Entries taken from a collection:

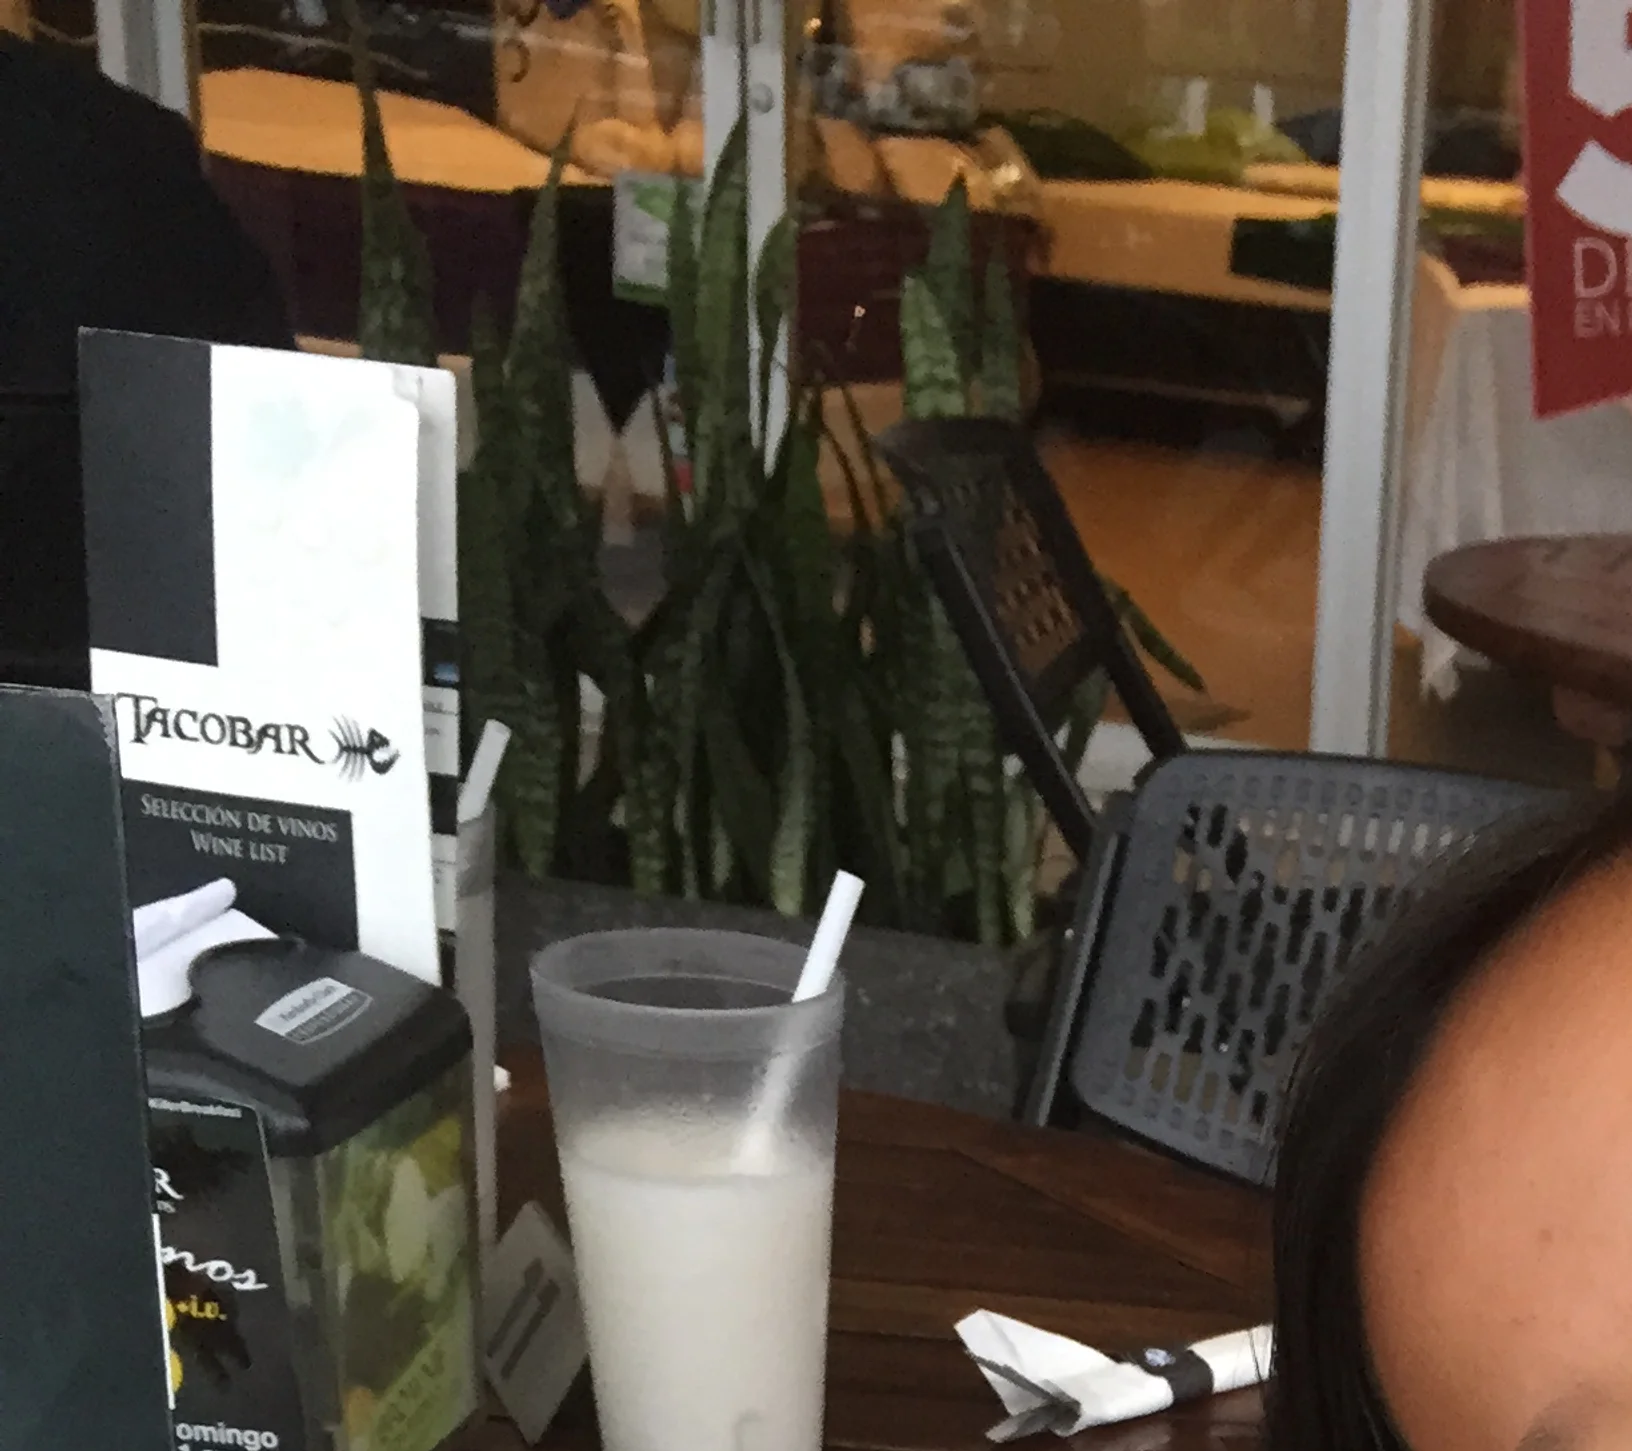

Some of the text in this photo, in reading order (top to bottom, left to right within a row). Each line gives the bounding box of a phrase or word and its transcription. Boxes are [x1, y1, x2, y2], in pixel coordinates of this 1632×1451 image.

[1573, 298, 1622, 339] EN
[116, 692, 326, 764] TACOBAR
[247, 811, 273, 834] DE
[277, 816, 338, 843] VINOS
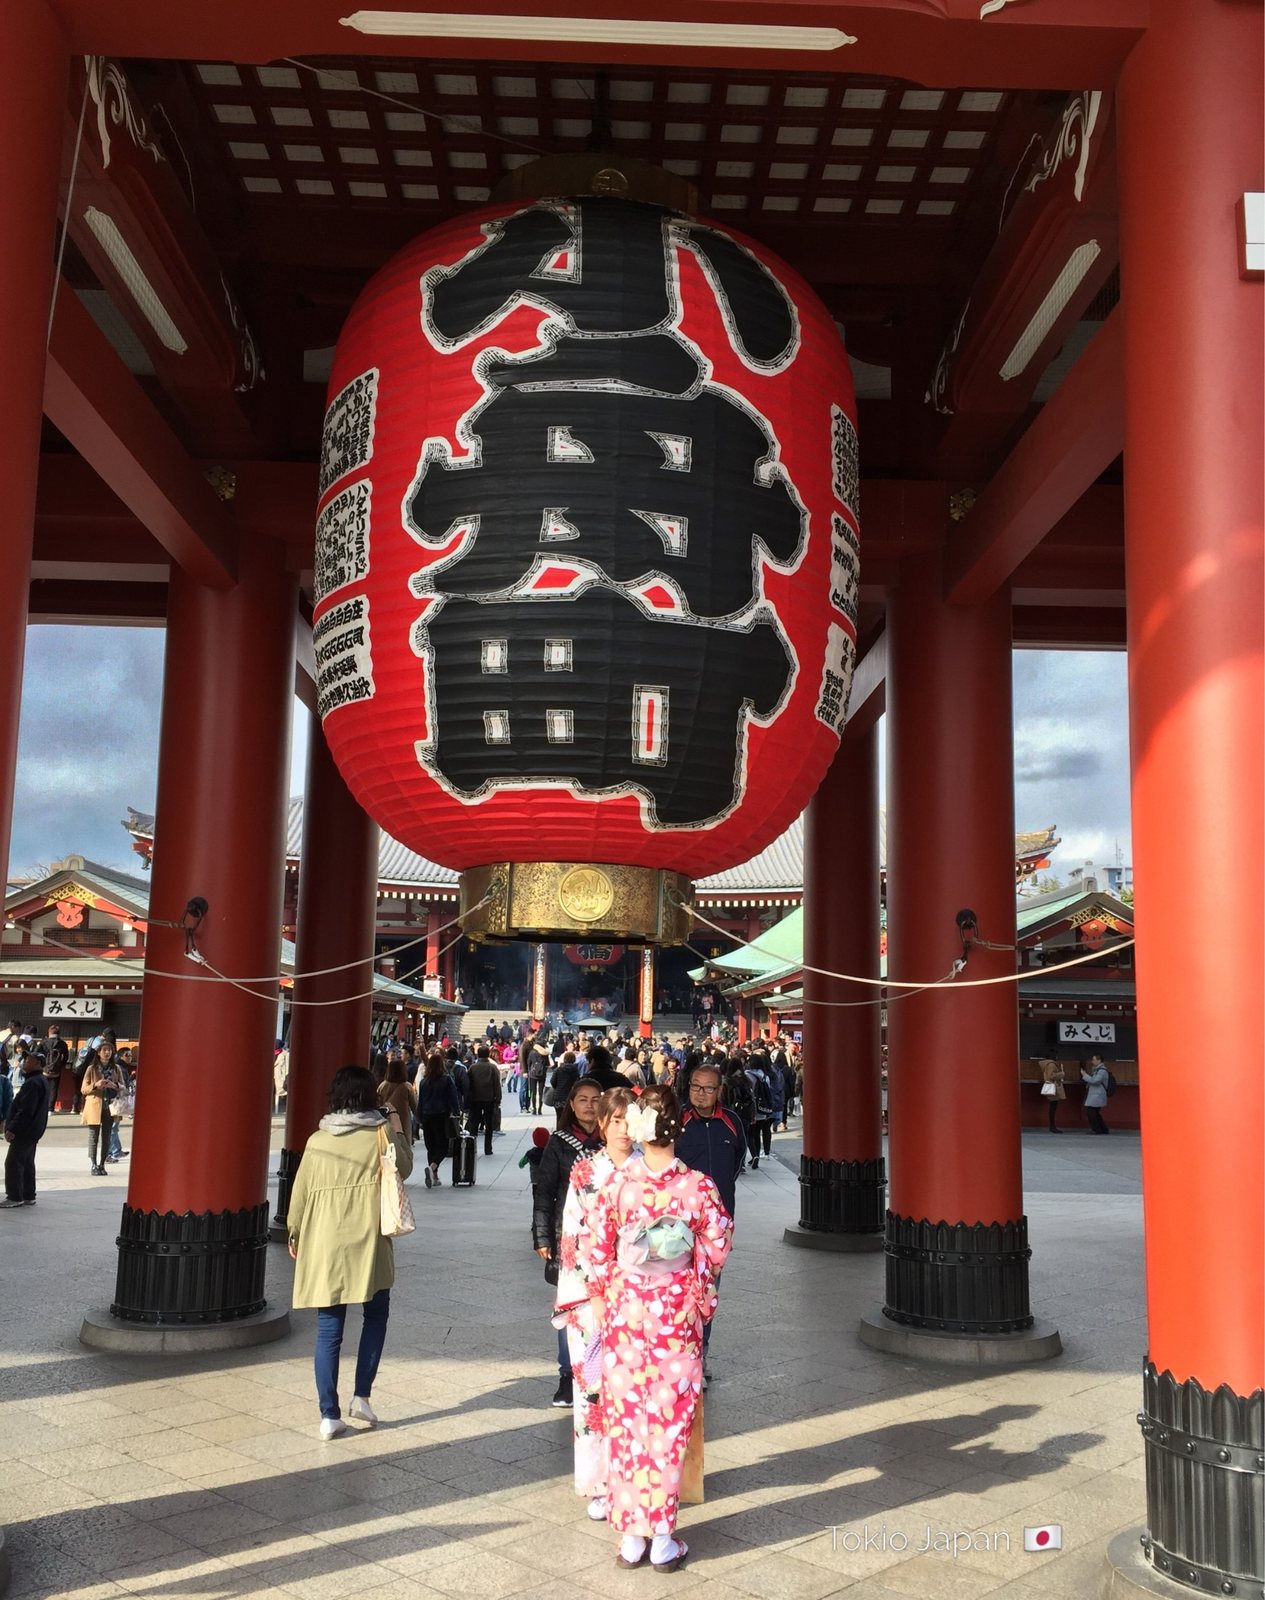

> [Problem to solve]: Print every line above once more, exactly. Omit the pictures.

> [Answer to the exercise]:
Some of the text in this photo, in reading order (top to bottom, left to right within a row). Each line gives the bounding box of a phrase or word and its transcription. Boxes are [x1, y1, x2, y2], in pixel coordinates of this 1632×1451 image.

[1573, 298, 1622, 339] EN
[116, 692, 326, 764] TACOBAR
[247, 811, 273, 834] DE
[277, 816, 338, 843] VINOS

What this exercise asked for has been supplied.